Home   ||   FA/RM Blog   ||   Goals   ||   Individual Rights   ||   Activism   ||   Contact FA/RM

Monday, December 8, 2008

Farm Raids
By Monica @ 8:42 AM PermaLink

State and federal agencies are violating individual rights. Consider the following two tales of government confiscation or destruction of private property and unreasonable searches in the name of “protecting consumers”: the farm raids of Mark Nolt and Rinaldi and Bean.

In two separate raids, one in August 2007 and one in April 2008, Mark Nolt's farm in Pennsylvania was raided for his refusal to apply for a state permit to sell raw milk. The first raid seized over $25,000 worth of cheese, despite no complaint of food borne illness and no proof of any danger posed by the cheese. In the second raid, six police cars and five unmarked cars descended onto his property, preventing neighbors or family from coming onto the property by threatening their arrest, seizing $30,000 worth of cheese, leading Nolt away in handcuffs, and seizing irreplaceable parts to his dairy equipment so that he could no longer make cheese even for his family, let alone consumers. The director of food safety also stole a book off his shelf, which was entitled Everything I Ever Wanted to Do is Illegal, by Joel Salatin.

The current, more stringent permitting process in Pennsylvania no longer allows a farmer to sell raw cream or butter, which would significantly add to farm income. To add insult to the injury of all of his lost income, Nolt has recently been ordered to pay over $4000 in fines due to his noncompliance. He is appealing the decision.

Last September two farmers in Virginia, Rinaldi and Bean, were arrested for labeling their pork products incorrectly. While waiting for new tags to come in the mail, they used price tags that said "Certified Organic" but their pork was not Certified Organic by the USDA. 10 state agriculture officials and 2 policemen arrived at their door. They were handcuffed, their computers seized, and they were placed in separate vehicles and taken to jail. Their pork was destroyed by pouring bleach on it -- meat that had in no way been proven unsafe to eat. No consumer complained or got sick from this pork. Rinaldi believes that this heavy handedness was not actually due to the labeling, but the fact that Rinaldi and Bean were slaughtering their own pork. Processing in an inspected facility was costing the farmers as much as $1300 for four pigs, and transporting uninspected pork, goat, and sheep products is illegal in Virginia.

Though we do not approve of the use of USDA Certified Organic stickers on non-USDA certified products, this type of police state response is completely inappropriate for a labeling infraction. When SWAT teams carry out the destruction and confiscation of private property for minor code infractions, it resembles the actions of a Soviet Politburo central planning office against the "kulaks", not the founders' vision of the United States of America.

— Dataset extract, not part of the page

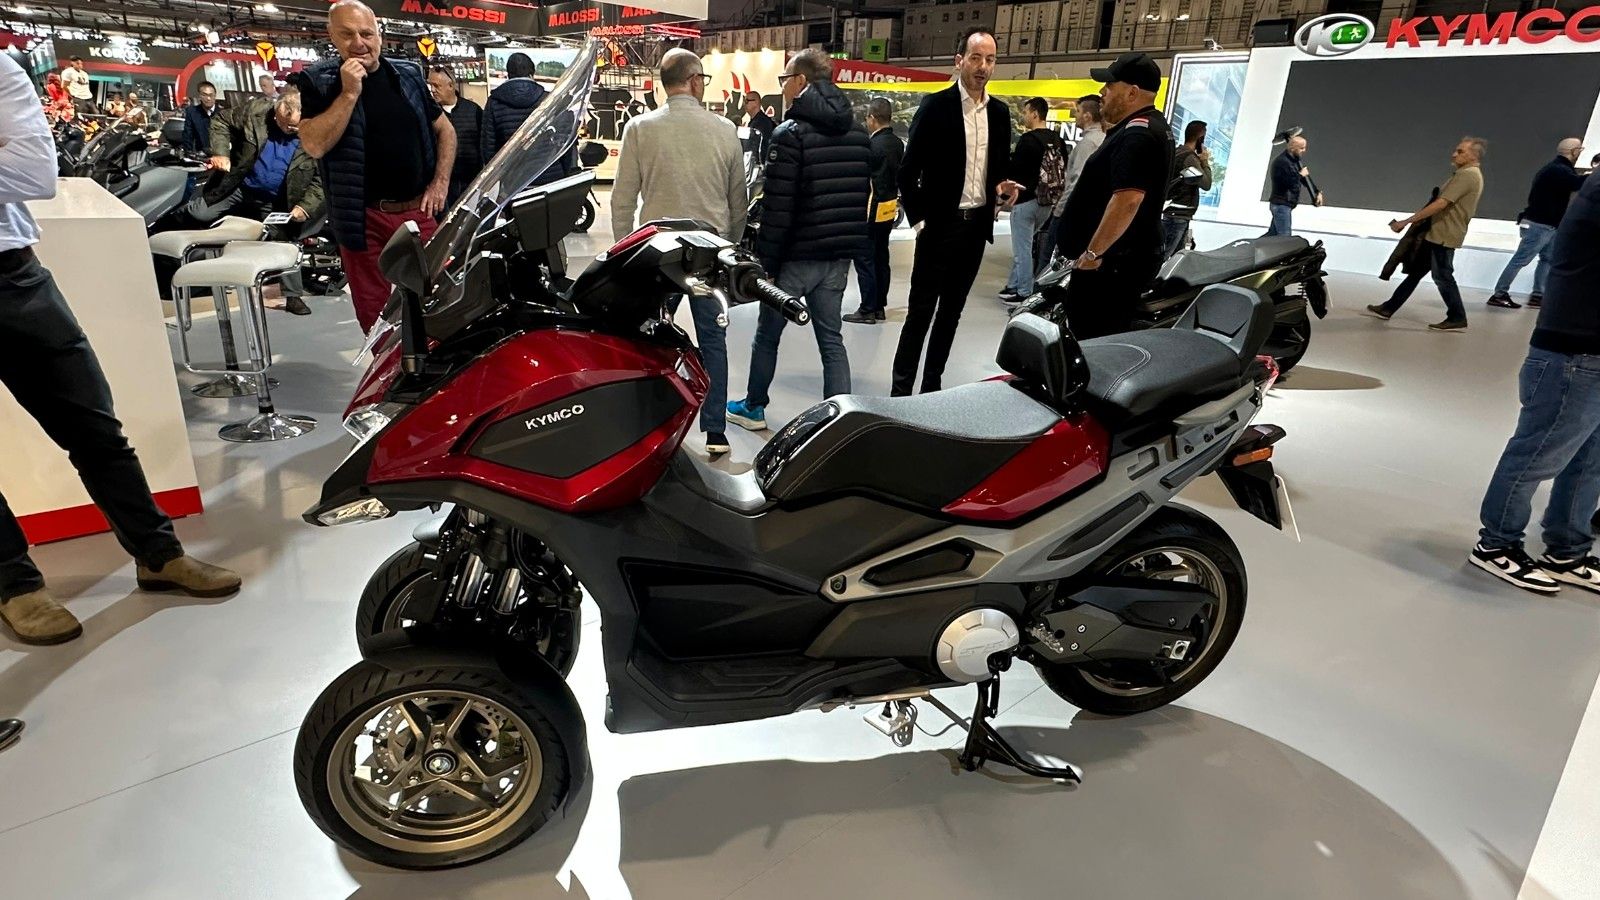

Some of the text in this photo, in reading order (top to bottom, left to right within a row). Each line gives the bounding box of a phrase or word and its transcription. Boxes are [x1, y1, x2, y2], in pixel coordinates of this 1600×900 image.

These are just two of many examples where governments used force against US citizens and violated their Constitutional rights even though they had not harmed or threatened a single person. These actions are all too common in the small farming community, particularly among the Amish and Mennonite communities.

Labels:

E-mail Monica    PermaLink   
 

2 Comments:

At December 14, 2008 12:27 AM , Blogger Aestus said...

I didn't know that this independent blog was in the works, but I've been looking forward to reading this type of content, so this is a welcome addition to the blogosphere.

I've known about the FDA raids on drug companies for many years, so these farm raids don't entirely surprise me, but it is still hard to be jaded when considering the devastating affects of such legal(ized) attacks.

 
At December 14, 2008 7:44 AM , Blogger Monica said...

Thanks for the comment, Aestus. I'd completely ignorant of raids being carried out on drug companies, but that doesn't surprise me either. Feel free to leave more information and links about that if you like.